Jeffrey Moyo
Residents of Nora Valley in Goromonzi, Mashonaland East province, among them smallholder farmers who have lived in the area for 60 years, have engaged the Zimbabwe Lawyers for Human Rights (ZLHR) in a land wrangle with Shengxiang Investments, a Chinese lithium miner.
The controversial purchase of the land by Shengxiang has also raised the ire of small-scale plot holders, among them dairy farmers, in the vicinity.
Some of the residents who were interviewed by NewsHub said they had lived in the area for between 30 and 60 years.
The residents want ZLHR to help them stop the lithium project for various reasons, with Allan Taylor, one of the smallholder farmers in Nora Valley, confident that “there are more than enough grounds” to halt Shengxiang operations.
They are complaining that the lithium blasting project was licensed without an environmental impact assessment having been done.
They are also concerned that it is:
- Located in the area’s water upper catchment area and is high likely to poison river and dam water that the residents and the nearby Ruwa municipality depend on
- Contributing to environmental degradation and will trigger soil erosion that would lead to river and dam siltation
- Located too close to residential and farming areas and the noise from blasting is disturbing learners at a nearby primary school
- Causing air pollution through fumes that are being emitted
On 1 June 2023, the provincial mining director for Mashonaland East wrote back to ZLHR, indicating that Shengxiang was entitled to the land since it bought it last year.
The letter indicates that the miner–which is set to displace at least six households even though the casualties could increase when it becomes fully operational—still does not have a mining licence, but just a restricted blasting one under the Mines ministry head office reference number 006442.
The correspondence to ZLHR was signed by Tendai Kashiri, the provincial mining director, who noted that the purchase of the land in question was done in accordance with Statutory Instrument 57 of 2023.
The SI amended the Base Minerals Export Control Act to allow for prospecting for and processing of base minerals that include lithium.
The purchase followed an application by Shengxiang on 16 May last year for an approved processing plant for lithium processing in the Norah Valley.

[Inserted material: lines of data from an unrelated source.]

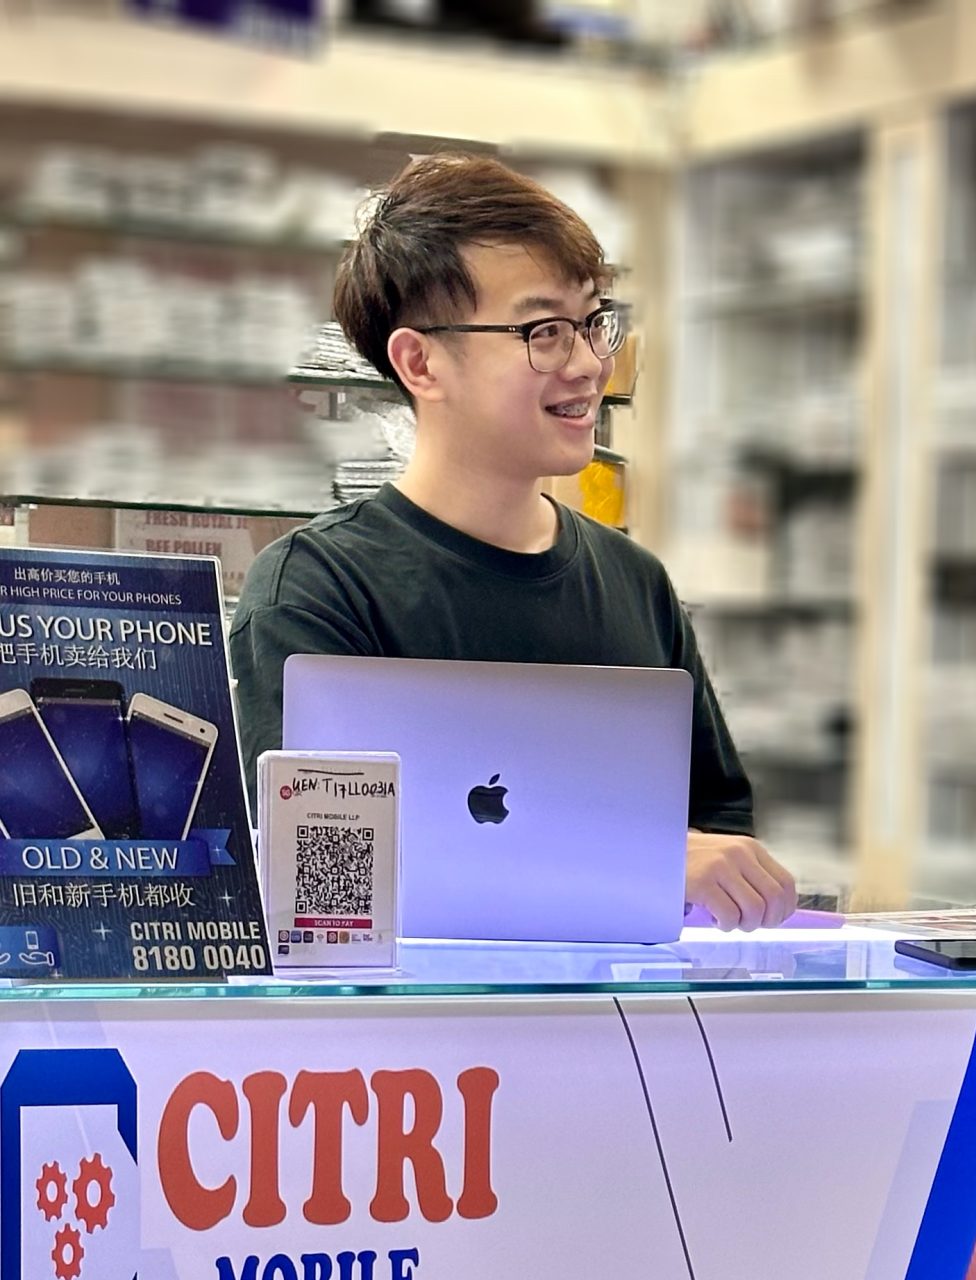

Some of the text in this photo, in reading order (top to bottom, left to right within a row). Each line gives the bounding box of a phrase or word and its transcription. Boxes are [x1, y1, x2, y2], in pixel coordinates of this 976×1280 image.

[14, 566, 120, 586] 出高价买您的手机
[10, 585, 40, 598] HIGH
[43, 587, 75, 600] PRICE
[77, 589, 100, 601] FOR
[102, 590, 134, 603] YOUR
[136, 592, 182, 605] PHONES
[0, 614, 213, 647] US YOUR PHONE
[22, 846, 178, 871] OLD & NEW
[13, 882, 196, 908] 旧和新手机都收
[130, 921, 261, 941] CITRI MOBILE
[133, 945, 266, 971] 8180 0040
[157, 1066, 499, 1232] CITRI

But Nora Valley residents have contended that they were never consulted when the land was sold, did the company engage the local authority as the Mines and Minerals Act requires.
Another resident farmer complained that the land takeover was “shrouded in mystery”, hence the decision to engage ZLHR.
“My late parents stayed here for over 30 years,” he said, speaking on condition of anonymity.
According to him, his parents and numerous other families were resettled on the land that was donated by a white farmer identified only as McDonald before he died.
The farner claimed that the late’s wife then secretly sold 20 hectares of the land to a Mutangadura without notifying the occupiers.
Subsequently, he said, Mutangadura sold the same land to the Chinese firm at the centre of the controversy.
“The widow of the late Macdonald clandestinely sold the land to a Mr Mutangadura, who quickly sold it to the Chinese Lithium project.
“They (the Chinese) just popped up from nowhere without communication. They brought armed guards and equipment and commenced operations, demolitions and blasting of hills to level out the land,” he added..
Alistair Chambers, a small-scale dairy farmer residing about a kilometre away from the lithium project, said: “We operate a small dairy which is our main source of income. We are already affected by continual noise during their (Chinese miner’s) operating hours over six days a week.”
“We worry that this will be even worse when they are running properly,” Chambers told NewsHub.